This is really a battle between wills. Microsoft is making some major 
bets, and some of those bets aren’t just with the IT department. It's 
the business departments that are really going to make and drive some of
 these decisions. And if the IT department essentially holds back the 
business, they may find that they are going to go around. 
So
 there are going to be some pros and cons and cost benefits, especially 
as it relates to licensing, but I think you'll find that some of the 
businesses are needing these technologies, and so it will essentially be
 business IT units that will test the waters and may drive ahead of the 
IT department in some cases.
IT as the enabler
It's
 not going to be everybody all nodding their heads at the same time. 
There's going to be some pilot theory happening and it's going to be the
 proof is in the pudding. Where it's going is that IT is the enabler. 

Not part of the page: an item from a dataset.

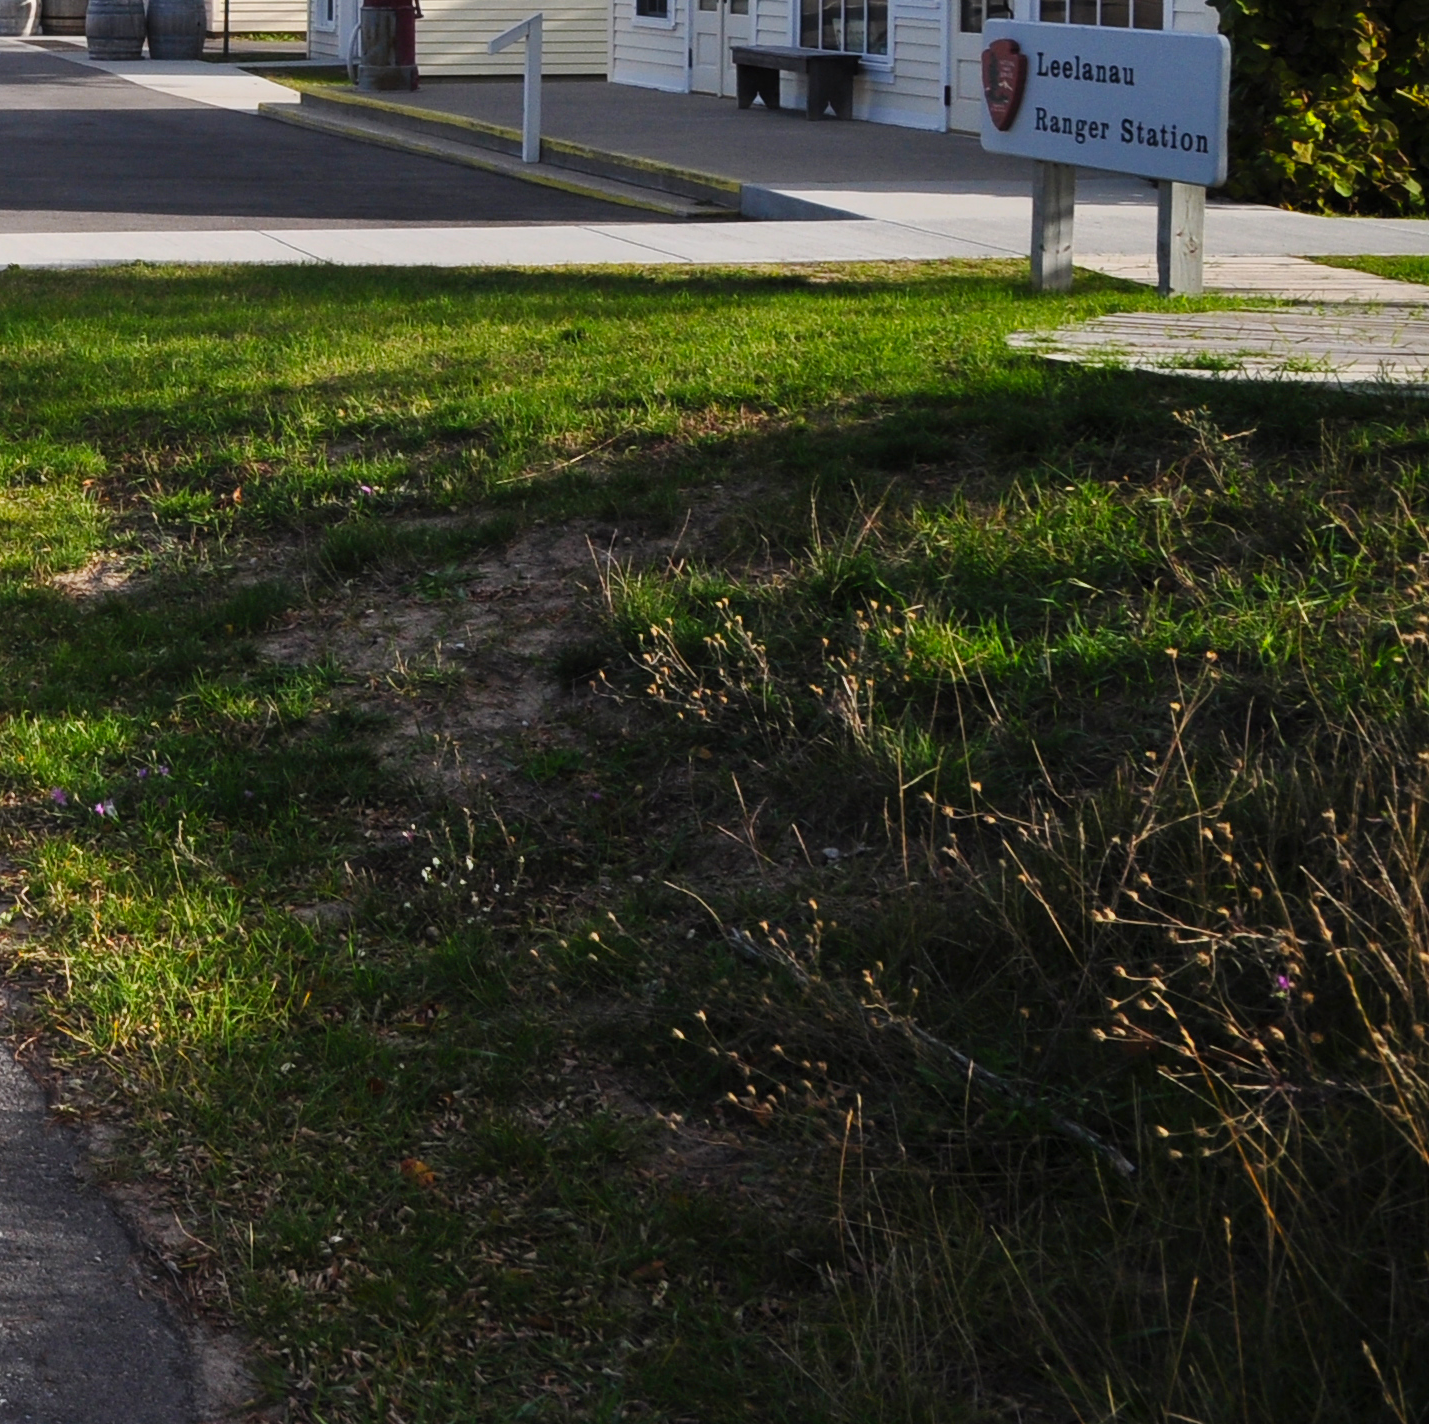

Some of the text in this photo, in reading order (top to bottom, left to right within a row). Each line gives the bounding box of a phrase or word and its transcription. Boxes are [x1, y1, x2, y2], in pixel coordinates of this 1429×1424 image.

[1036, 52, 1135, 86] Leelanau
[1035, 107, 1209, 153] Ranger Station

Are they going to be helping us make that transition and move, or is it 
going to be marketing, or is it going to be HR or some of these other 
business departments that essentially make that first bet in making some
 of those decisions? 
I'm finding that some of the IT 
environments are actually more conservative and more cautious, where 
some of the business departments see the benefits and they see that it's
 going to be easier. It gives them more of that device approach that 
they need, and they may get out ahead of IT. I expect that to happen in 
many organizations.
Gardner: And Laura at
 Rackspace, is it "damn the torpedoes, full speed ahead, adopt the cloud,
 and let IT figure out how to catch up later?" Or from strictly a cloud 
perspective, do you think that you can give those users what they want 
in terms of social and mobile collaboration and keep the risk at a 
managed level?
Rogers: Joel brought up a great 
point about the technology and people just going around it if they don’t
 have what they need. Not necessarily Rackspace, but a lot of companies 
are coming across financial restrictions, because they might decide that
 they do need x, y, z technology.
Because people are going to go around 
and they are going to figure out a way to do something with whatever the
 latest technology is, even if the company doesn’t provide a way to it.
They need to have 
their own private Yammer network and actually purchase the enterprise 
versions of that. Or they might need to purchase the enterprise version 
of SharePoint or Box.net or whatever they happen to be using, and it 
might be cost restrictive for them.
So this is going to
 be a case where when you think about all of the people that might go 
around and use different technologies, like using their personal 
OneDrive to share things with people outside the company. That’s not 
very secure. Neither is using other technologies they might come across 
on random apps on their phone or on the web and start using that with 
business information.
So when companies are thinking 
about technologies like this for the enterprise and how cost restrictive
 they are, how expensive they are, I think it's more something where you
 have to weigh what could possibly happen with people uploading 
sensitive information to all these uncontrolled locations and what's the
 risk there compared to what you benefit from going ahead and purchasing
 that enterprise level product or whatever it happens to be, and just 
pay for it, and therefore you will be able to have a lot more control 
over that data.
Because people are going to go around 
and they are going to figure out a way to do something with whatever the
 latest technology is, even if the company doesn’t provide a way to it.
Gardner:
 Yaacov, it seems that regardless of whether the IT department leads or 
the business leads and whether they use internal or external services, 
getting these services visible and usable across any and all needed 
screens and devices is going to be essential. 
So, 
given that it's still an open question as to how mobile and 
collaboration and document sharing and social interactions evolve and 
become delivered, what do you think is an important part of being able 
to be in front of that and maybe accommodate whatever the outcomes are 
on the back end?
What's appropriate
Cohen:
 This is really a good point. When I work with IT, I advise IT to start 
thinking differently about their job. Rather than being the gatekeepers,
 they need to become enablers. They need to become like a systems 
integrator and a service provider within their own organization. And 
they need to take a look at mobile and cloud and see how they can take 
these technologies and package them in a way that is appropriate for 
their business users. 
They need to look at the lines 
of business or the departments as their customers and they need to act 
and market solutions to these customers. This transforms also our 
relationship as a vendor with IT. Rather than selling to IT, we are 
partnering with IT in order to help them package and sell solutions 
internally, mobile solutions in order to improve the business experience
 and, as such, to boost the business initiative, collaboration, and 
mobile.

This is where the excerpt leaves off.